What do abortion and slavery have to do with equality and the Constitution? Plenty, and it is also true, that not all the Founders owned slaves, and many were firmly against it. In the beginning, the Constitution jump-started our nation and paved the way for it the eventual abolition of slavery. Today we have a “blind spot” known as reproductive freedom or “choice” (read abortion). The bottom line, we should not let a blot from the past or the present make us forget the overarching good parts. Also, see Frederick R. Smith Speaks The Sin of Slavery.
“Agriculture manufactures, commerce, and navigation, the four pillars of our prosperity, are the most thriving when left most free to individual enterprise.”
“The enviable condition of the people of the United States is often too much ascribed to the physical advantages of their soil & climate but a just estimate of the happiness of our country will never overlook what belongs to the fertile activity of a free people, and the benign influence of a responsible government.”
The Constitution does not explicitly mention “free enterprise,” but some scholars have written lengthy treatises that claim it is an economic instrument. While this is debatable, the Constitution set up a system of laws to secure individual liberty and freedom to choose a form of income. These essential precepts are in keeping with Creator-endowed natural rights. As a result, free enterprise flourished naturally, as illustrated in the above quotes by Jefferson and Madison. During the forming of the Constitution in 1787, the people enjoyed the rewards of free markets and individual enterprise. Also known as the “work ethic,” an innate drive to do better also secured freedom to prosper.
The Delegates to the Constitutional Convention and others in the new nation understood history. They were well-read and educated in humankind’s struggle against poverty and government oppression. Much of the original writings show that they studied and analyzed the ideas of the great thinkers and philosophers. They were familiar with the historical reality of the near-starvation that the settlers in the early Plymouth Colony experienced when they were under a joint production and distribution system. The original writings from Plymouth showed how all benefited after the agreement that enabled each family to do as it wished with the fruits of their labor. 7
In 1776, Adam Smith from Scotland wrote The Nature and Causes of the Wealth of Nations. Smith is known as the father of contemporary economic thought, and his work had come at just the right time and was widely read by the Founders who, along with the people at large, had a passion for individual self-checked liberty. Jefferson showed that this work was among the best of his collection as a precept to form governments based on freedom. The Founders saw a free market economy as the only natural result of their ideal of liberty. Unfortunately, way out of sync with Smith, today we have a cauldron of big business, and big government engaged in a Neo-Marxist cult movement. In a word, WOKE. Also, see Frederick R. Smith’s The Debate on the Constitution.

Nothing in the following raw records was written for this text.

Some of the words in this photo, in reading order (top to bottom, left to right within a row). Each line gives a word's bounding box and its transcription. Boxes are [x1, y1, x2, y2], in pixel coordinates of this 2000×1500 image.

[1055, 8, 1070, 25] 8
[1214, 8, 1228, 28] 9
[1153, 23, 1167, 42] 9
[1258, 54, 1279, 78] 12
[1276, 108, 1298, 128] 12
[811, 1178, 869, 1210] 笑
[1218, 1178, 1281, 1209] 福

The Founders envisioned a prosperous Republic (not a pure democracy) of free citizens with minimal interference by the government. They feared the concentration of power and intimidation that planners could use to direct people. Freedom with acceptance of responsibility of the consequences for wrong actions proved to be the positive path. The Founders’ writings show us that they believed American people were deeply rooted in morals, values, and principles. Through these building blocks, people were free to:
Access free markets
Acquire and own property
Acquire goods and services which they desired
Produce what they wanted
Travel and live where they would choose
Work for whom and at what they wanted
To the Founders, such a free market economy was the natural result of true/positive liberty carried out in the economic aspect of society. Their philosophy worked to enhance individual freedom and not restrict or reduce individuals’ right to make financial choices. Individuals were to succeed or fail based on those choices. The economic role of their constitutional republic was to secure rights and encourage commerce. Through the Constitution, they granted the government some minimal powers to:
Assure that the rules were fair (a fixed standard of weights and measures)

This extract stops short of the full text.